Here are some of the others I had over the weekend:
The sight of Bishop Feehan and North Attleboro hockey players gathered at center ice after Saturday’s game was moving, especially when members of both teams made the sign of the cross while praying for Quetta, who was watching the North TV live stream of the game from his room at the Shepherd Spinal Cord and Brain Injury Rehabilitation Center in Atlanta.
I’ll be the first to admit I was wrong when I doubted the Massachusetts Interscholastic Athletic Association’s plans for pushing ahead with the fall and winter seasons. The changes they suggested were implemented as planned by local schools and coaches, but wouldn’t have been successful without the support of the student-athletes who competed.
The first high school football season played in the spring could be a challenge for teams not playing their games on artificial turf, especially if we have a rainy stretch in March and April. It will also be a nightmare for announcers trying to decipher players’ numbers, people responsible for cleaning uniforms and crews maintaining the fields.
It will feel like the fourth Thursday in November when Attleboro and North Attleboro celebrate the 100th anniversary of their Thanksgiving Day rivalry on Saturday, April 24. I’m looking forward to calling the game with Del Malloy and Jared Ware at 10 a.m. Unless there is significant progress in the fight against COVID, the number of fans will be limited and the game will be shown live on North TV’s Community Channel and streamed on northtv.net.

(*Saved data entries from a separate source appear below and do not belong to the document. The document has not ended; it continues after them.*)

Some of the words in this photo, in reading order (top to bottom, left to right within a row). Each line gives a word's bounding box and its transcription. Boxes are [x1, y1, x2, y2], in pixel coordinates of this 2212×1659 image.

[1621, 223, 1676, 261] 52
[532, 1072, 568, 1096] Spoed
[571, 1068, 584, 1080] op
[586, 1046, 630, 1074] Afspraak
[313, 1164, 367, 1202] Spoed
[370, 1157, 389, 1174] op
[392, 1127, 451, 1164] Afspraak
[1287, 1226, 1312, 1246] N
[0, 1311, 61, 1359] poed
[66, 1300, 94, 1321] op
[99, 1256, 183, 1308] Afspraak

I’m starting to think it won’t be my turn to receive the coronavirus vaccine until the end of the year, at the earliest. As a 61-year-old male with none of the underlying health conditions listed on government websites, I am last on the state’s priority list.

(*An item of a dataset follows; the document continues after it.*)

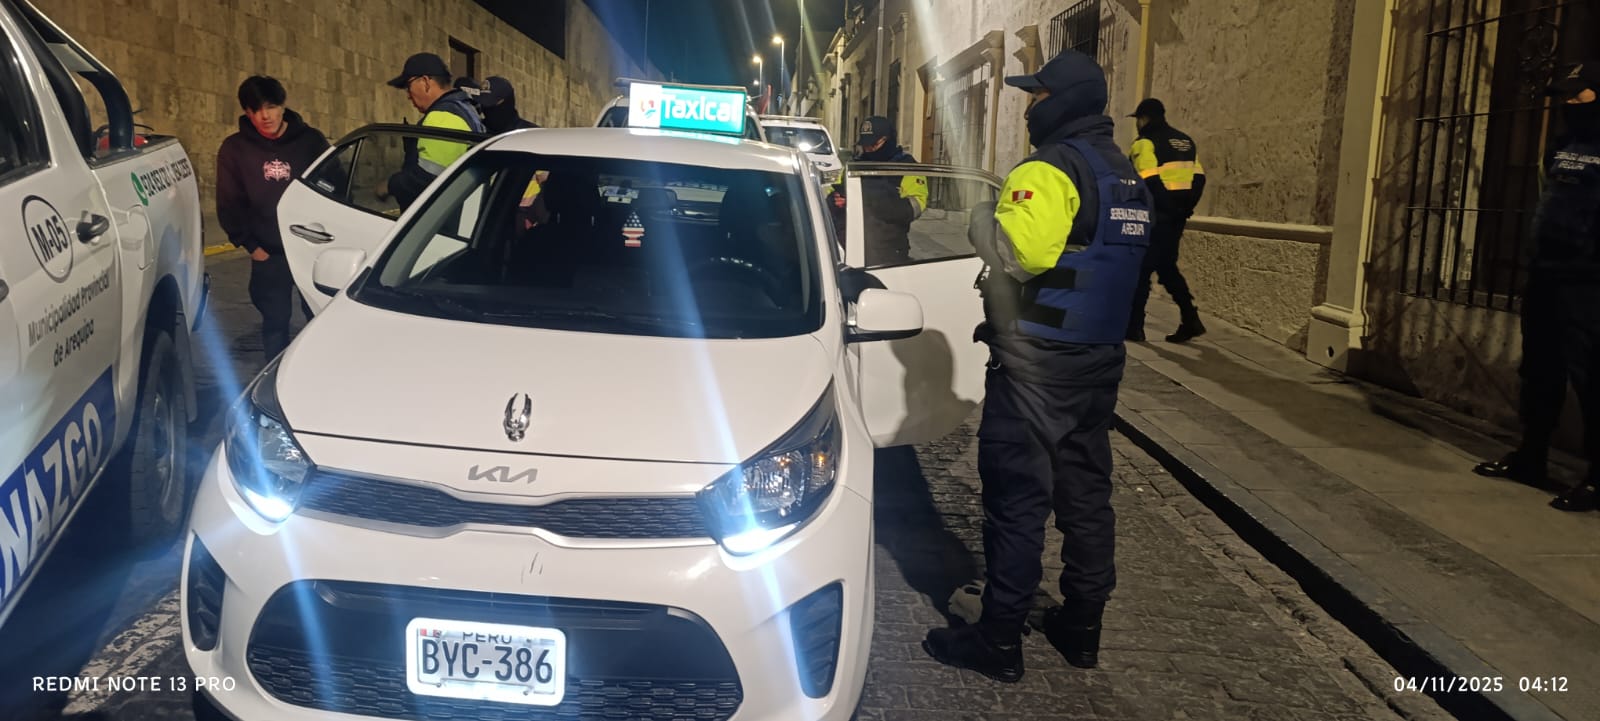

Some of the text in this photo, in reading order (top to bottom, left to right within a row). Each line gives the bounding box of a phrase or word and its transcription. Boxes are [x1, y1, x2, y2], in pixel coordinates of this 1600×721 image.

[31, 215, 68, 262] M-05
[28, 268, 110, 347] Municipalidad Provincial
[53, 318, 94, 367] de Arequipa
[422, 638, 553, 684] BYC-386

It’s no secret that people love to complain on social media. I have to wonder, however, how many Attleboro residents would have refused a chance to receive the vaccine if they had been in the shoes of Mayor Paul Heroux earlier this month. My bet is almost no one. It’s an election year in Attleboro, however, so it’s front page news.

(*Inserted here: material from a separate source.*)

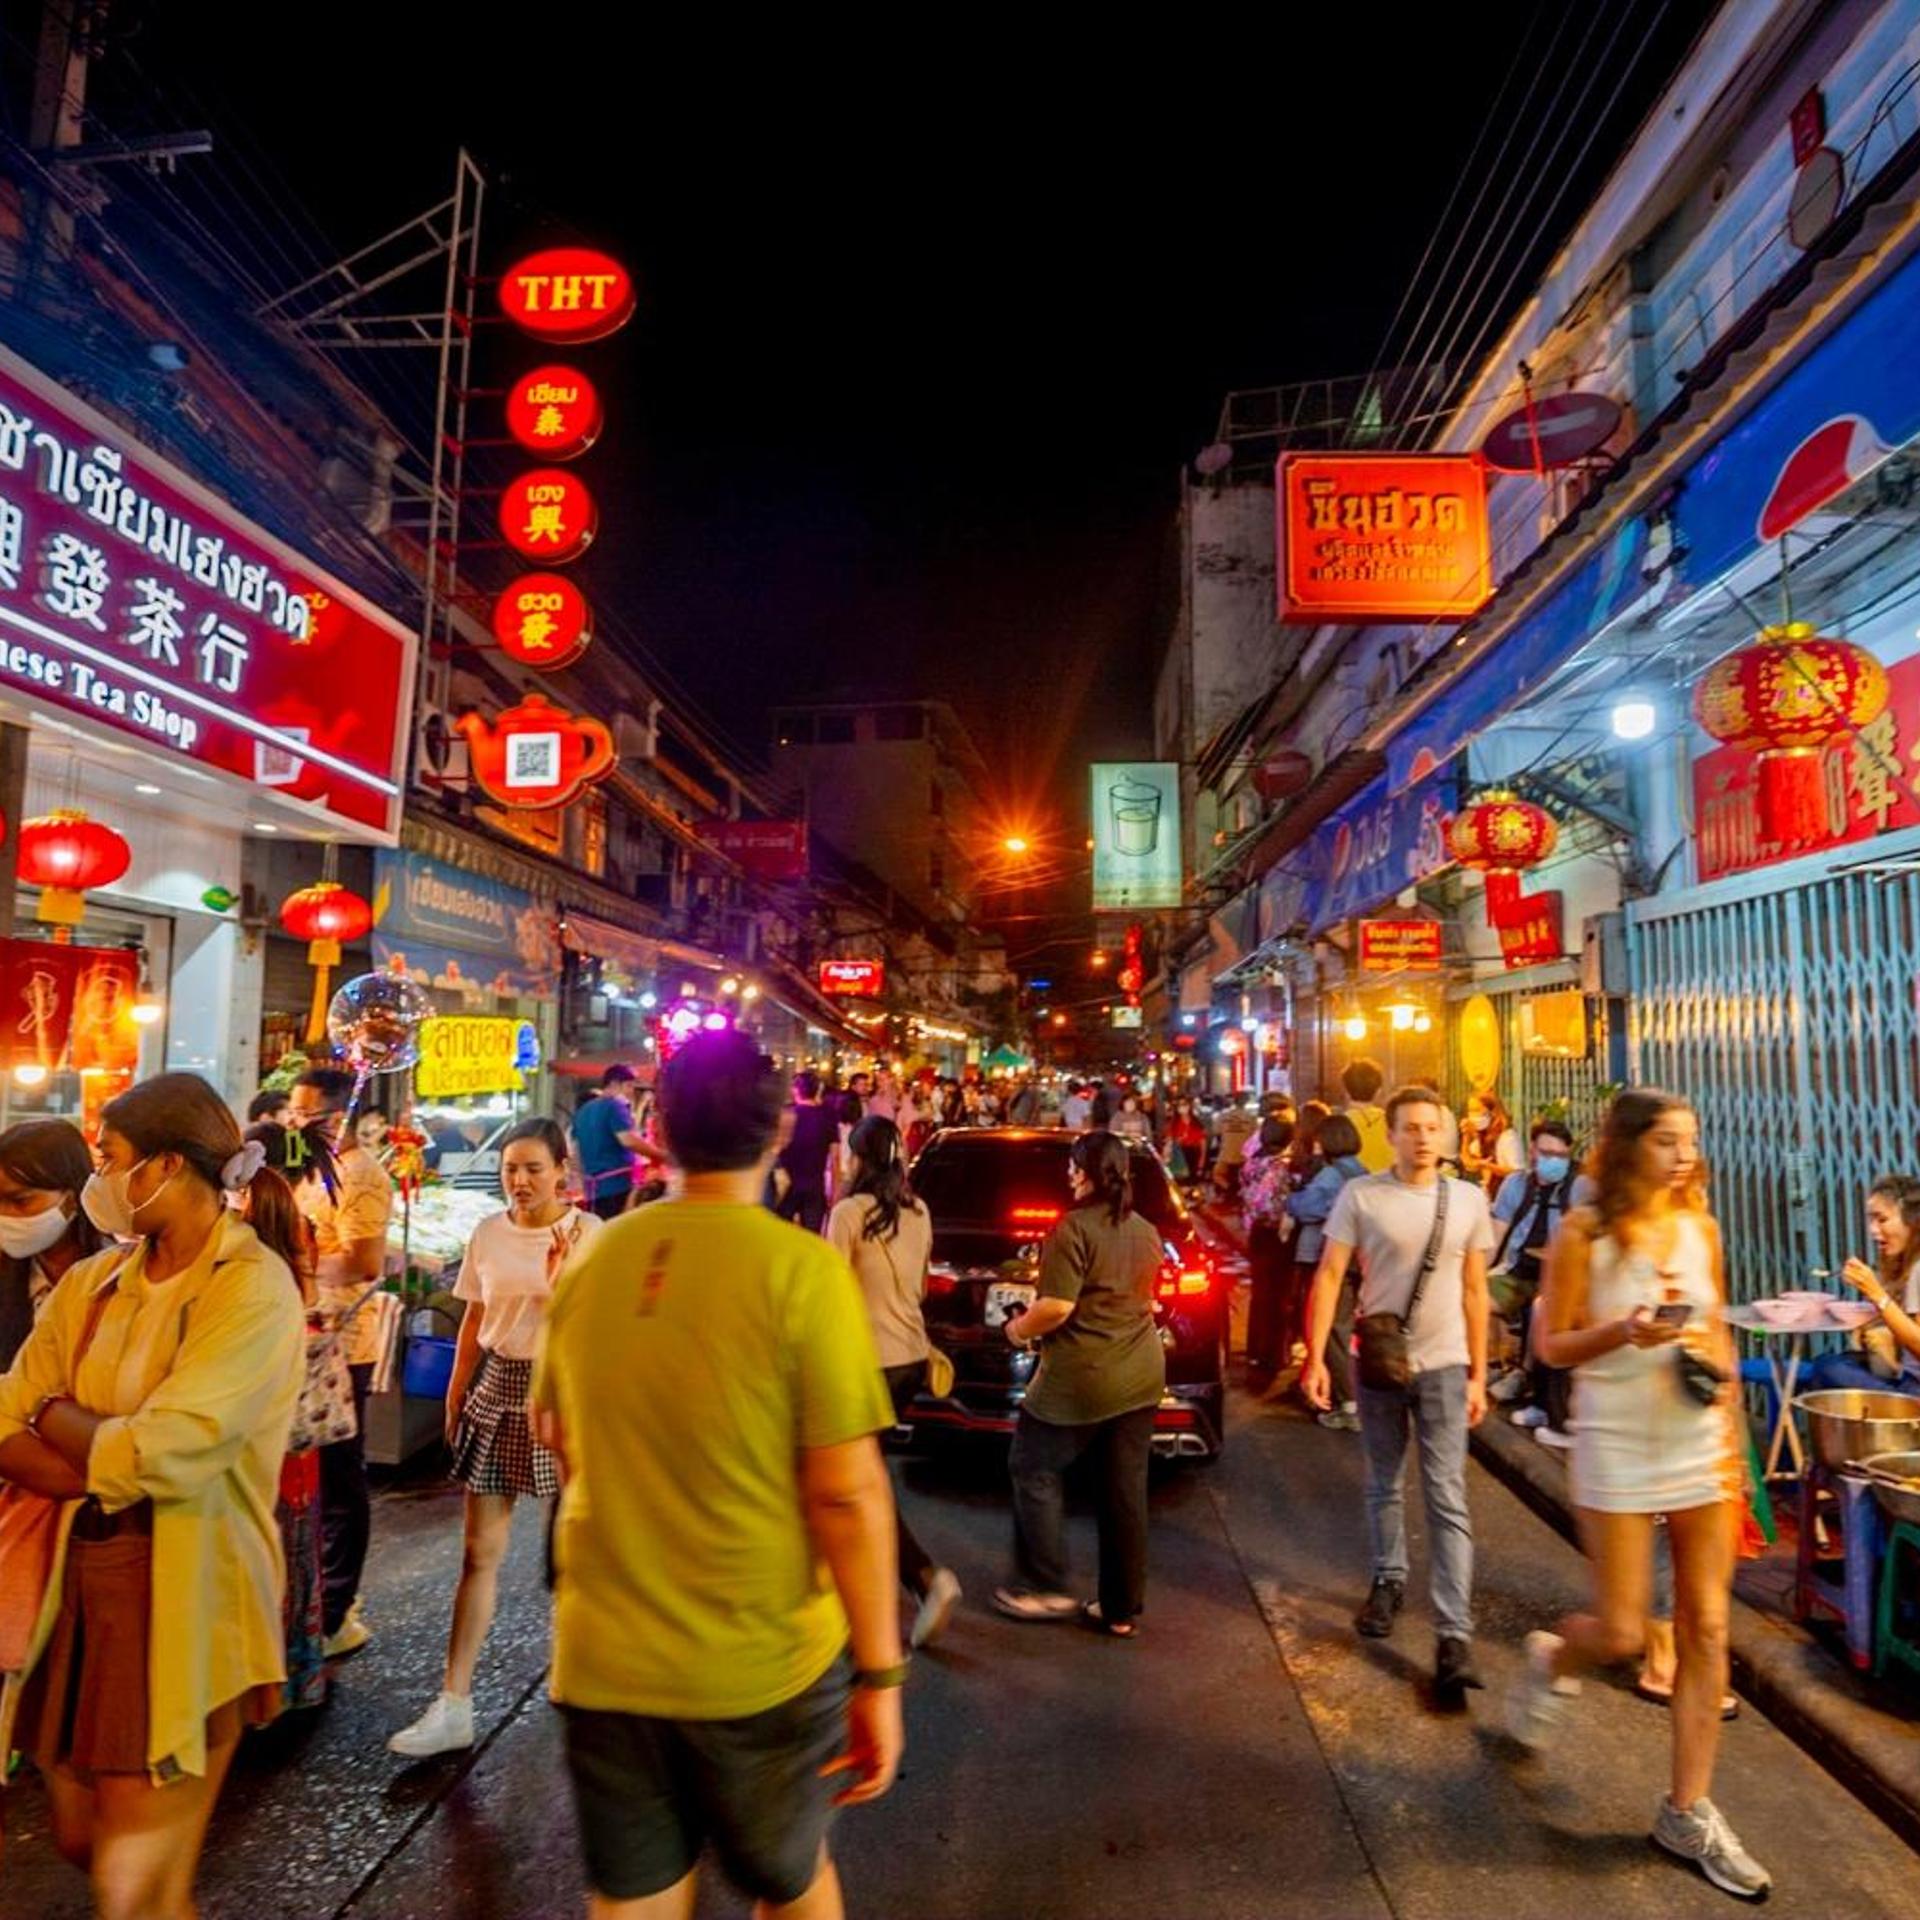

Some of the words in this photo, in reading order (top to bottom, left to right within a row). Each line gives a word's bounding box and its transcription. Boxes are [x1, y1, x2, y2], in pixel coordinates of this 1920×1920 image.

[517, 275, 616, 310] THT
[71, 661, 126, 714] Tea
[133, 690, 197, 750] Shop

I was impressed when I conducted a half-hour interview with then-candidate Jake Auchincloss before last September’s Democratic primary, so I’m not surprised the area’s new congressman hasn’t been shy since going to Capitol Hill. I expect the Harvard graduate and former Marine to soon be a player on the national stage.
It wasn’t that long ago when Charlie Baker was the most popular governor in the country, quite an accomplishment for a Republican in a state dominated by Democrats. That was before the coronavirus, mandatory closings and the failed rollout of the vaccine.
I believe Sen. Ted Cruz objected to the certification of Electoral College votes to appease Texas Republicans. The loyalty of those voters will be certainly put to the test after he deserted his constituents and fled to Cancun amid the winter storm that left millions without power. Who knew Donald Trump was right when he called him “Lyin’ Ted?”
It didn’t take long for Texas Gov. Greg Abbott to blame his state’s massive power failures on frozen wind turbines and other green energy sources. Do you think his deceptive statements had anything to do with the fact they he has received more than $26 million in contributions from the oil and gas industry?
Trump may have unwittingly helped Joe Biden escape criticism of his handling of the vaccine. December’s “Operation Warp Speed” White House summit featured Trump, Vice President Mike Pence and a host of experts, state leaders and business executives, but no one from the new administration that would ultimately be responsible for the actual distribution.
Were you one of the Trump voters interviewed by USA Today about the Jan. 6 insurgence? Their responses were disturbing: 58% believed the attack on the Capitol was inspired by Antifa, 28% thought it was simply a rally of his supporters and 4% saw it as a coup attempt to keep Trump in power.
Antifa? Seriously? Why not blame Jewish space lasers for smashing through the doors and windows?